第18回文化庁メディア芸術祭受賞作品展に関する雑感です。

ちょっと日が経ってしまいましたが、毎年それなりに書いているので、今年もつらつらとまとめておきたいと思います。


今回の内容は、去年の記事とリンクしたところも多いので、先に去年のブログの記事に目を通してもらえるとわかりやすいと思います。


 ▽第15回の雑感 → メディア芸術祭に行って思ったことなど
 ▽第16回の雑感 → とりあえず忘れないうちに走り書き~第16回文化庁メディア芸術祭
 ▽第17回の雑感 → 偏在する相転移 ~第17回文化庁メディア芸術祭受賞作品展雑感~





◆個別の作品について◆


さて、まずは、今回並んでいた作品の中で、それなりに気になったものに触れていこうと思います。

展覧会に行っていない人は、公式サイトの受賞作品情報に目を通してから読んだ方が良いと思います(ここでは作品そのものの説明はほとんどしていません)

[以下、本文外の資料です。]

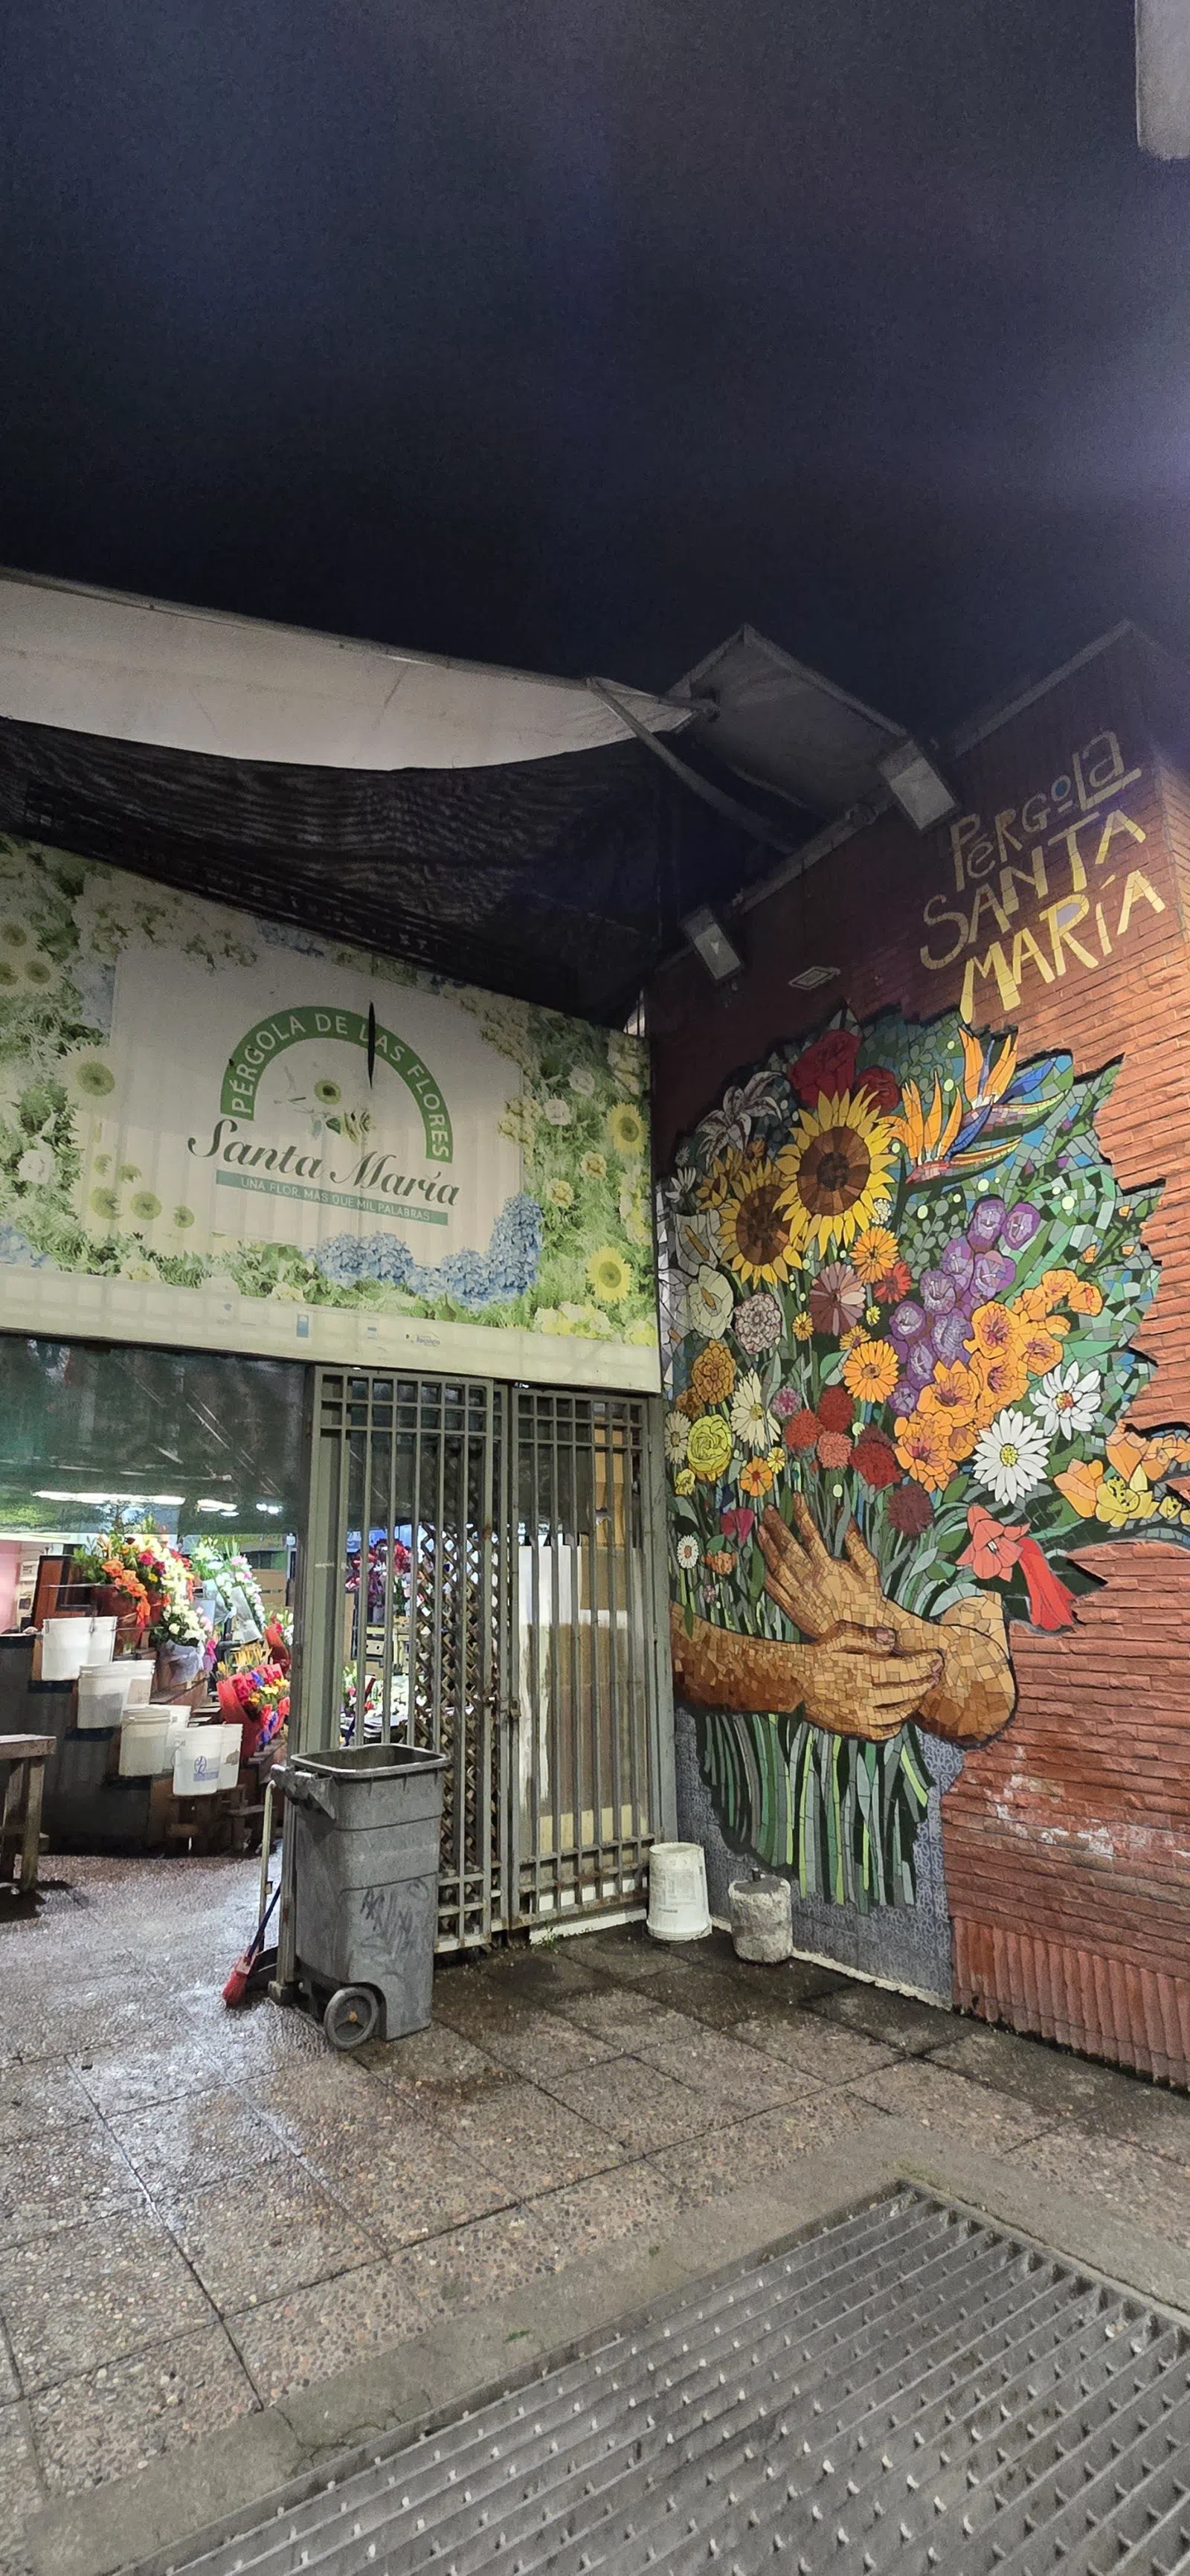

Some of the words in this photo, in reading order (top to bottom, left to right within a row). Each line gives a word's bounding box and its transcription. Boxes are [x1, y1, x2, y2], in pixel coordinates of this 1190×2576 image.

[920, 809, 1147, 969] SANTA
[959, 870, 1166, 1024] MARÍA
[231, 1016, 306, 1114] PÉRGOLA
[315, 1012, 349, 1035] DE
[359, 1023, 405, 1062] LAS
[407, 1064, 449, 1158] FLORES
[187, 1118, 325, 1179] Santa
[329, 1150, 460, 1207] María
[240, 1176, 266, 1192] UNA
[357, 1198, 376, 1212] MIL
[378, 1203, 431, 1221] PALABRAS

「これは映画ではないらしい」 (アート部門/優秀賞)

「動画は静止画の連続である」という常識を否定してみせたインパクトがとにかく大きい作品でした。
「○○とは、××である」と言われ刷り込まれた事柄(定義ではないのに、定義のように振る舞う命題)に、本当は他の解がありうるということは、頭では理解しているつもりでも、それを現実に目の当たりにる機会、実感する機会というのはそんなに多くありません。
その点で、非常に貴重な体験を提供してくるすぐれた作品だと思いました。


「Drone Survival Guide」 (アート部門/優秀賞)

「ドローン」(無人航空機)という言葉を聞く機会は、ここ一年くらいで急激に増えてきたように思います。
当然のことながら、最先端のテクノロジーの結晶であり、その有用性は考えれば考えるほど膨らんでいきます。
一方で、これまた当然のように、その潜在的な危険性についても、いくらでも挙げることができます。
しかし、そんな急激な広がりと一般人の認識には、しばしば時間的なギャップが発生し、誰もがドローンの普及した社会の具体的なイメージを抱けているかといえば、そうではないはず。
「個々のドローンの情報、そしてそれらの偵察や攻撃から身を守る手段をまとめたパンフレット」を柱とする本作品におけるキーワードは、「具体」だと思いますが、どこかSF的(すなわち、フィクション的)なイメージのある「ドローン」にリアリティーを添加しています。
人が能動的にアクションを起こすためには、そのトリガーとして、具体的なイメージ(リアリティー)が必要だと思いますが、本作品はそのような視点を思い起こさせてくれます。
正直なところ、これを見て「ドローン」対策のために行動を起こす気になるほどではありませんが、「このような視点から物事を“考える”」というアクションのトリガーとしては、一定の役割を果たしうると思いました。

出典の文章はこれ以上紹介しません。